Full color would likely not help, here.
Testimonies by Crooty on DeviantArt, image used for commentary

Wintrow muses to the ship about his injury and the work he has done caring for others’ wounds. He rails again at being ripped from the monastery to take up a life at sea that he does not want; the Vivacia offers him strange comfort. Emboldened by it, Wintrow calls upon his captain to attend to the injury, displaying its worsening condition to affirm his decision and persuading the captain to have the amputation up on the foredeck where the ship can observe best. The captain refuses to do the work himself, however, assigning it to the first mate.

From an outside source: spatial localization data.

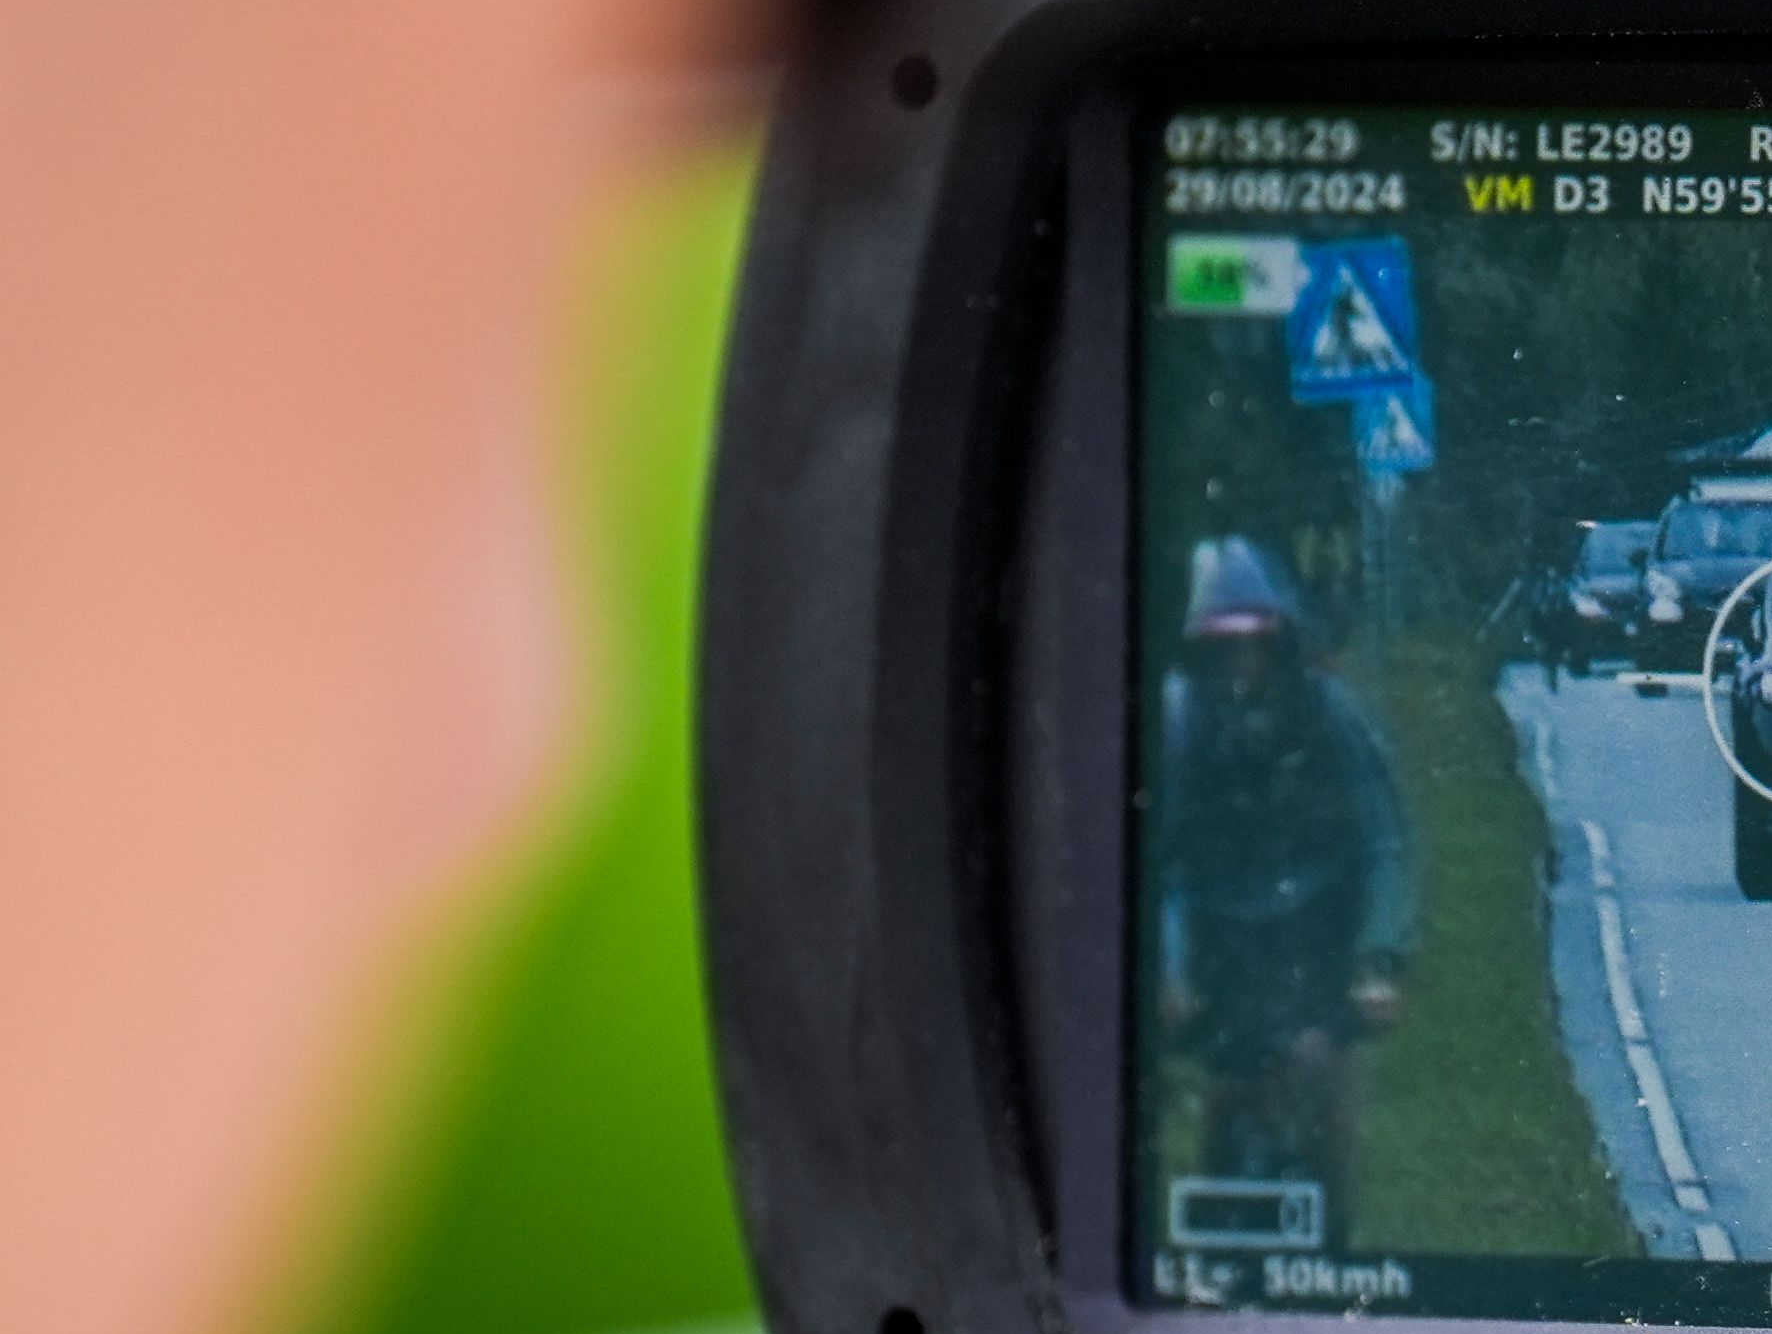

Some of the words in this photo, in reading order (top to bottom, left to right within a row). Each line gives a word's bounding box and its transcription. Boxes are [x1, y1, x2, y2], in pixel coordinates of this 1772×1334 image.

[1164, 117, 1360, 161] 07:55:29
[1429, 120, 1518, 161] S/N:
[1536, 124, 1693, 162] LE2989
[1164, 171, 1406, 213] 29/08/2024
[1463, 175, 1534, 213] VM
[1553, 176, 1610, 213] D3
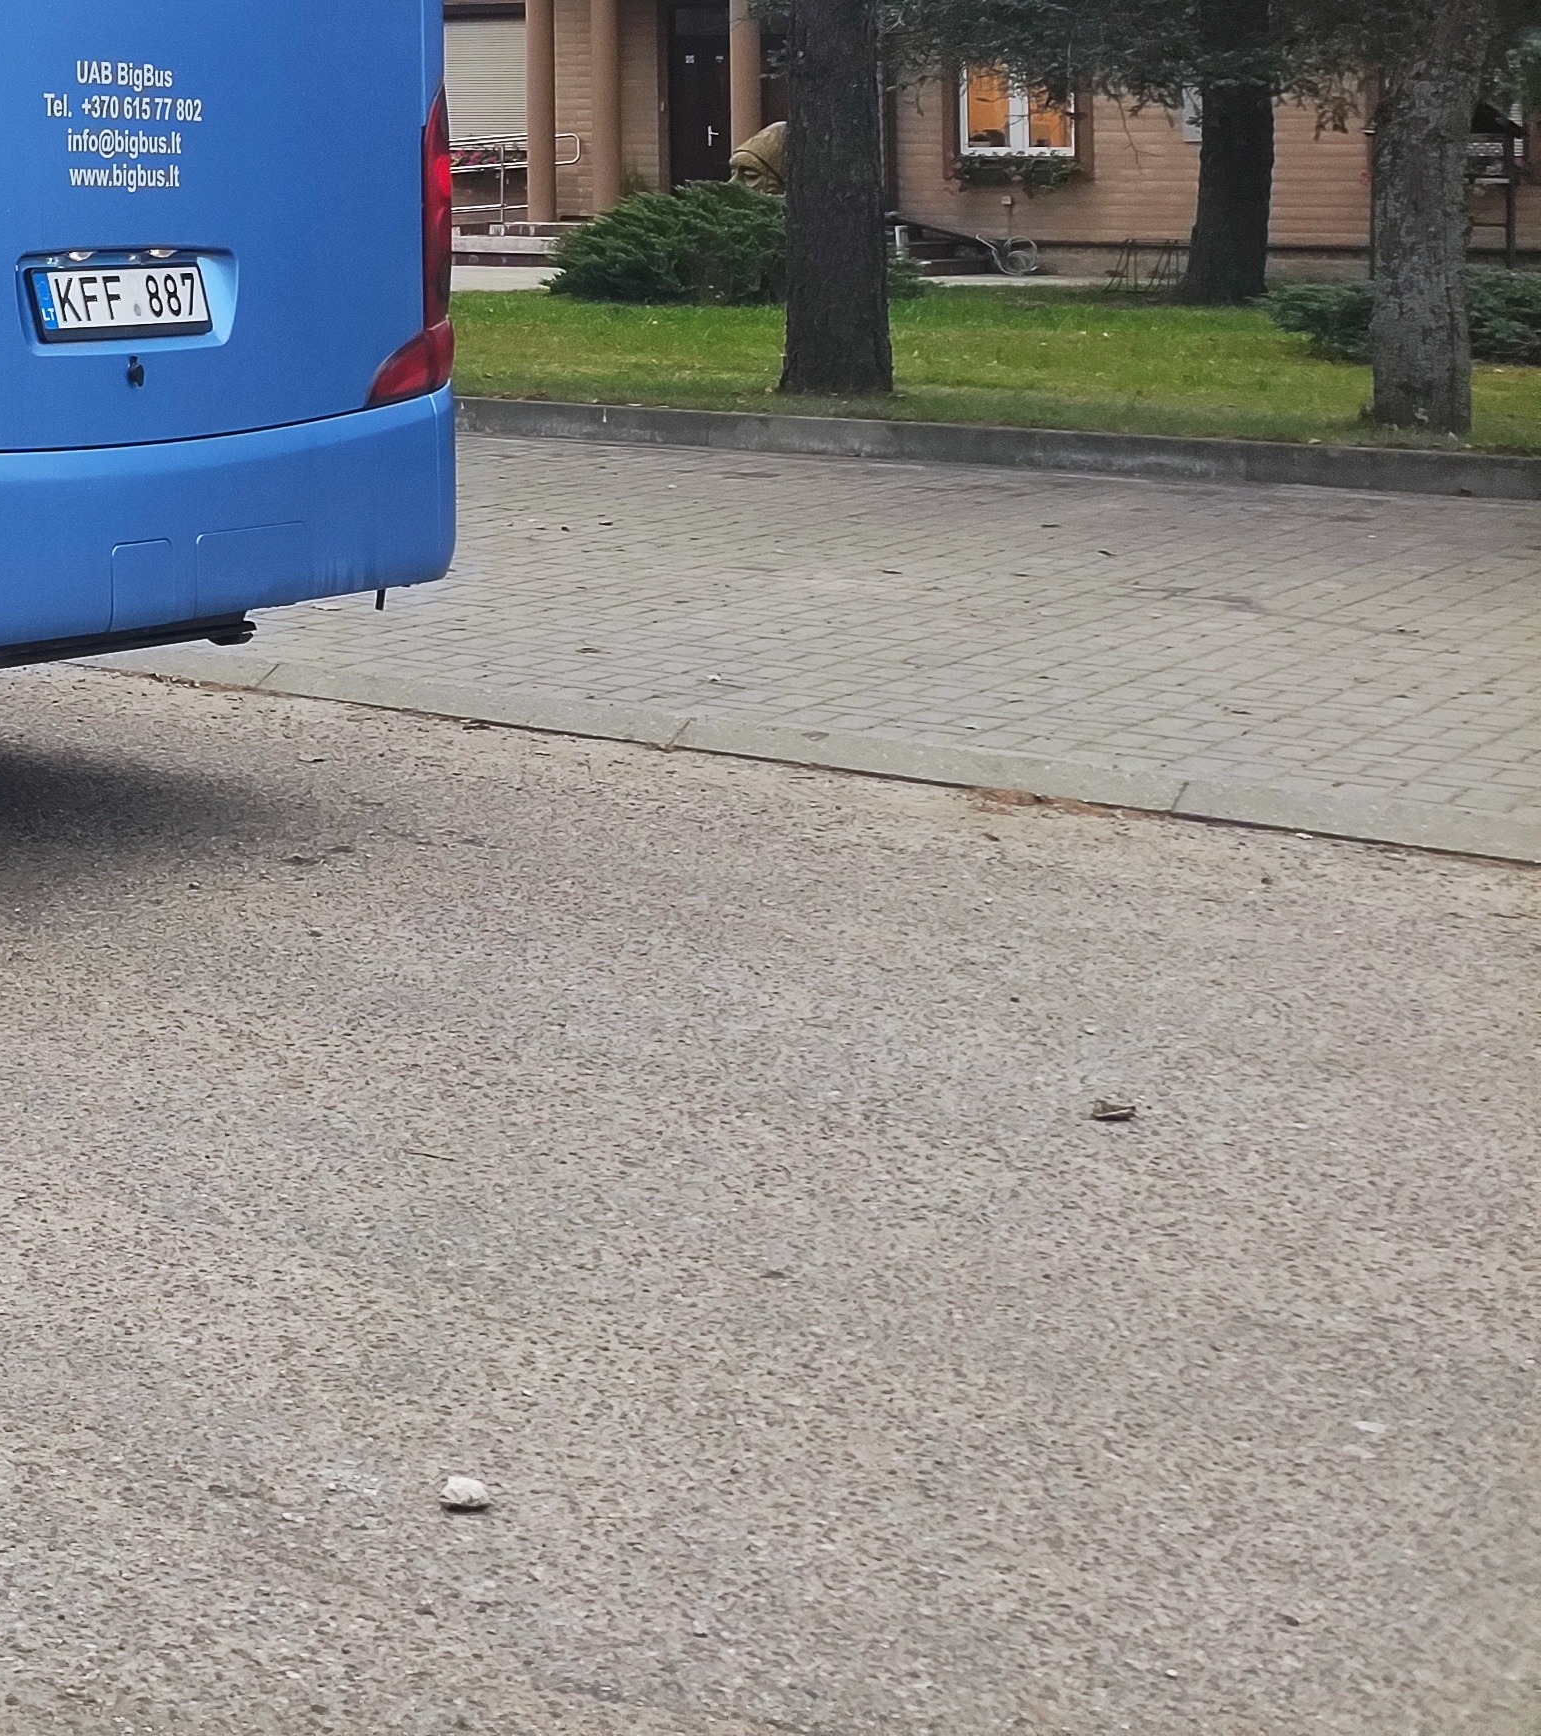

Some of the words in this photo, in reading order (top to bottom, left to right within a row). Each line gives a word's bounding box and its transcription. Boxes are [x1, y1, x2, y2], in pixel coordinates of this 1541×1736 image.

The mate agrees, at least, that the finger needs to be removed and issues a rare rebuke for it not being seen to sooner. The ship overrules the captain’s objections and demands his presence. The crew assembles to watch as the mate begins the surgery, guided by Wintrow, who steadies himself in prayerful discipline. The amputation is successful, and Wintrow’s blood soaks into the planking of the Vivacia‘s deck.

Wintrow challenges the captain with his finger; the captain turns away, knowing he will not master Wintrow now. The mate issues orders to see to Wintrow’s healing and the ship’s operations, relocating Wintrow’s berth to the fo’c’sle with the rest of the crew and ordering a low dose of laudanum for him. The ship takes the discarded finger and considers it closely before eating it.

Near Bingtown, the Paragon sits in the wintry rain, vaguely annoyed by it, until he is intruded upon by Amber and a broker. Amber had been interested in working with the ship’s wizardwood, believing the report that the ship is dead, but the evidence that the Paragon remains thinking deters her; she stalks off. She later returns, however, to converse with the ship; they swiftly forge a connection, and he invites her into himself.

The chapter seems almost to eroticize Wintrow’s injury and the removal of the injured digit from him, spending time considering it from multiple gazes and perspectives and going into substantial detail regarding the process of removal itself. That the Vivacia takes the appendage into herself, even as she takes Wintrow into herself, reinforces the impression. It is, for me, a strange realization, although I have spent enough time on the internet to know that some people are very much into such things…I do not judge such, but I do not quite share the fascination.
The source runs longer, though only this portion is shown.